1.      Screw with your prescription regimen. Definitely don’t take them as prescribed.  Let it expire so that you miss several doses
2.      Don’t get any exercise – wouldn’t want to accidentally fire off any of those happy endorphins! Oh and that extra weight you're putting on makes you feel super great!
3.      Don’t eat properly- definitely eat too much and absolutely eat things that you know make your system get whacked out.
4.      Drink too much, and often. Yes, it makes you feel worse the next day- but hey you’ll be numb for a little while right!
5.      Don’t tell your family how you feel.  Just let them think you are moody and ridiculous. That is far better than subjecting them to the truth right?
6.      Don’t and I mean DON’T talk to anyone about it. We wouldn’t want anyone to think you are weak or stupid, exaggerating or making it up. You certainly don’t want to hear their Christian-eese advice, or be held accountable for doing things that would relieve it. You definitely don’t want to have to say that sometimes you just don’t know why you hurt, and that you can’t articulate it like an intelligent person should…that sometimes it’s an old hurt, a new hurt, one thing, everything or nothing in particular. 
7.      Avoid prayer. God already knows what going on right, so why doesn't he wave a magic wand and make you stop being stubborn right? Besides God can’t possibly understand or comfort you. He couldn’t nearly begin to understand the devastating loneliness and dichotomy of pain and numbness that you do...right?

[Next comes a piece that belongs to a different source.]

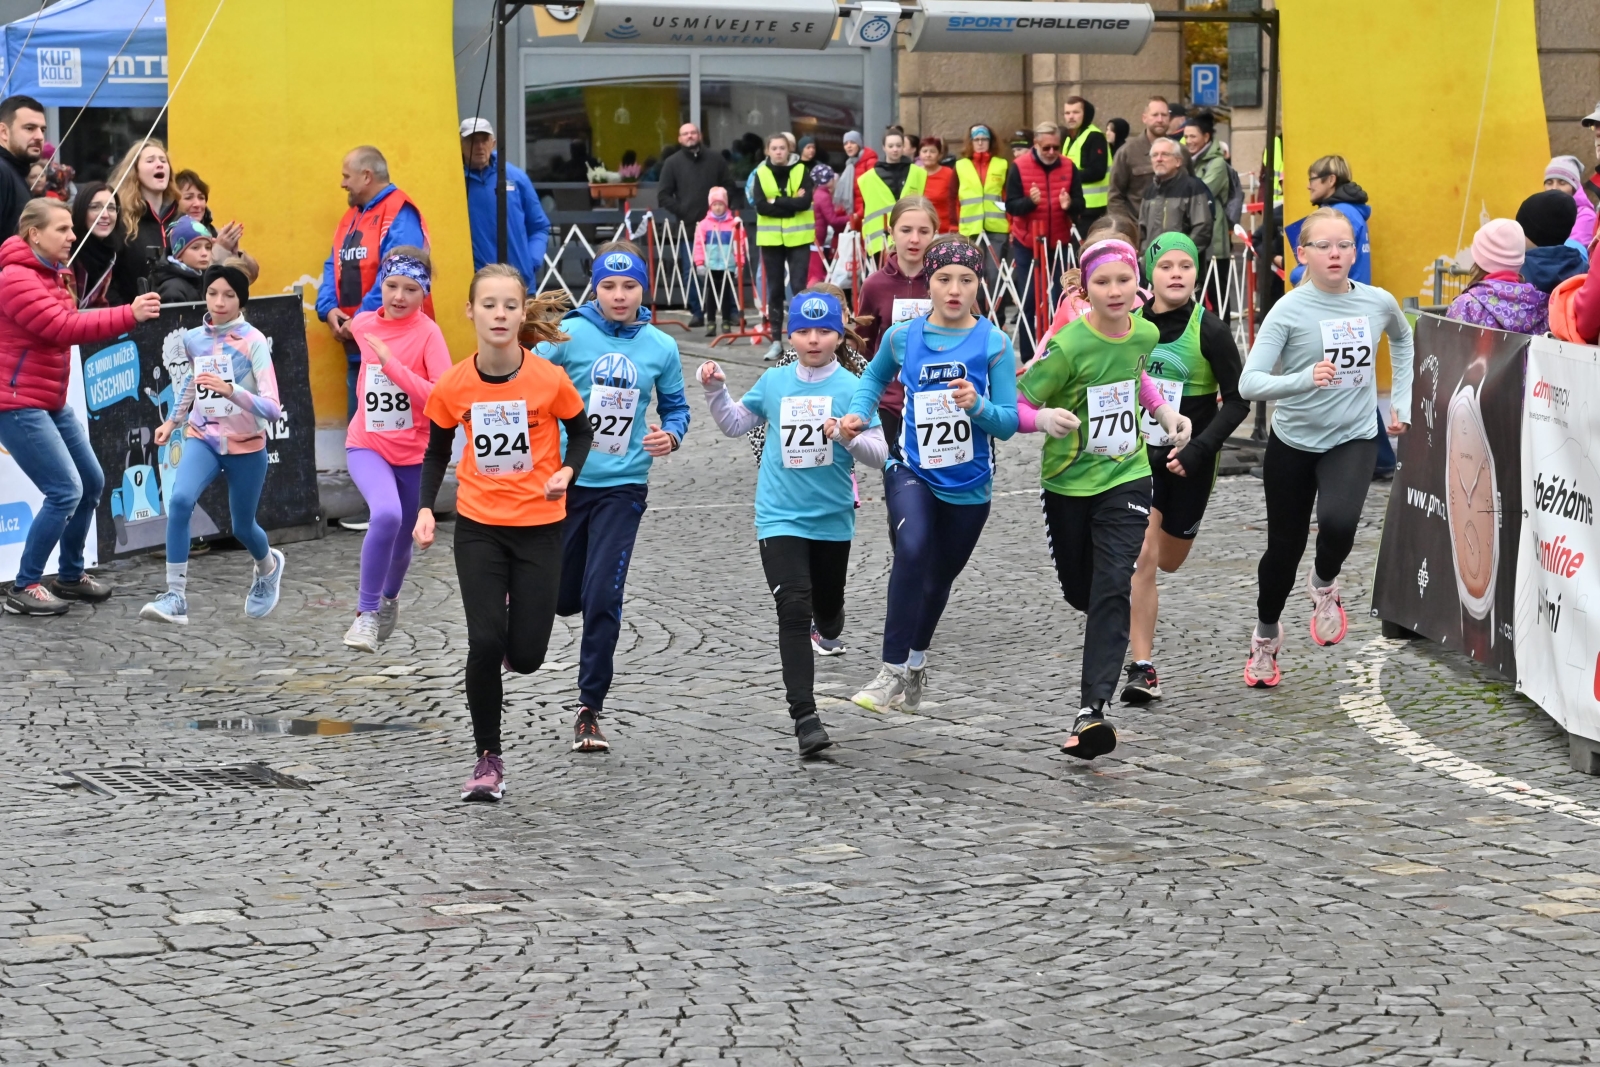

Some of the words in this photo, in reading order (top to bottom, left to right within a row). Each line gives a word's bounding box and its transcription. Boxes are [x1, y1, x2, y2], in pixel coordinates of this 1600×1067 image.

And there you have it. There are many recipes for sending oneself into a spiral of rock-bottom depression…but this is mine.

Tuesday, October 9, 2012

feet




I woke up one day. I got dressed and shuffled out the door. Weary, tired, and bored. During a seemingly insignificant moment (a meeting sandwich) I looked down at my feet in wonder.   What are these feet doing here- in these shoes? Where are they going?  Do these shiny heels draped by my uniform black slacks point to the passion that lay in my deepest parts? Does it tell the story of a lost girl turn fierce woman who battled against all odds to get here?...Only to want to go home and do anything other than this? Really would I rather clean toilets at home than go in there telling people who don’t care that they should? I wondered if my feet could tell another story…the story of one who arches her feet on to her tippy-toes so that her stature wouldn’t deafen her voice. The story of one who refused to walk in those nasty generational footsteps and fought- still fights to move forward with every breath. Her voice is loud and sharp- but does anyone see the naked ache in her soles? Does anyone see her longing to dance freely without fear- to dance freely with the God given passion that drives her forward yet sometimes drives her mad? Passion? Does anyone let their passion drive them? Does anyone hear the silent tiptoe of excitement creeping up that makes them open their weary eyes and say “today is the day!”?  And do they respond? Or do they do as I do, and shut it out, shut it down. Do they say, like I do that it is too hard or doesn’t make sense and therefore must be wrong? Does anyone else look at their feet and wonder if their feet have climbed mountains and are blessed only to feel tripped up by the hills? I looked up and took a step forward…into my reality wondering if my steps have purpose, if my words have purpose, if I am living in my purpose.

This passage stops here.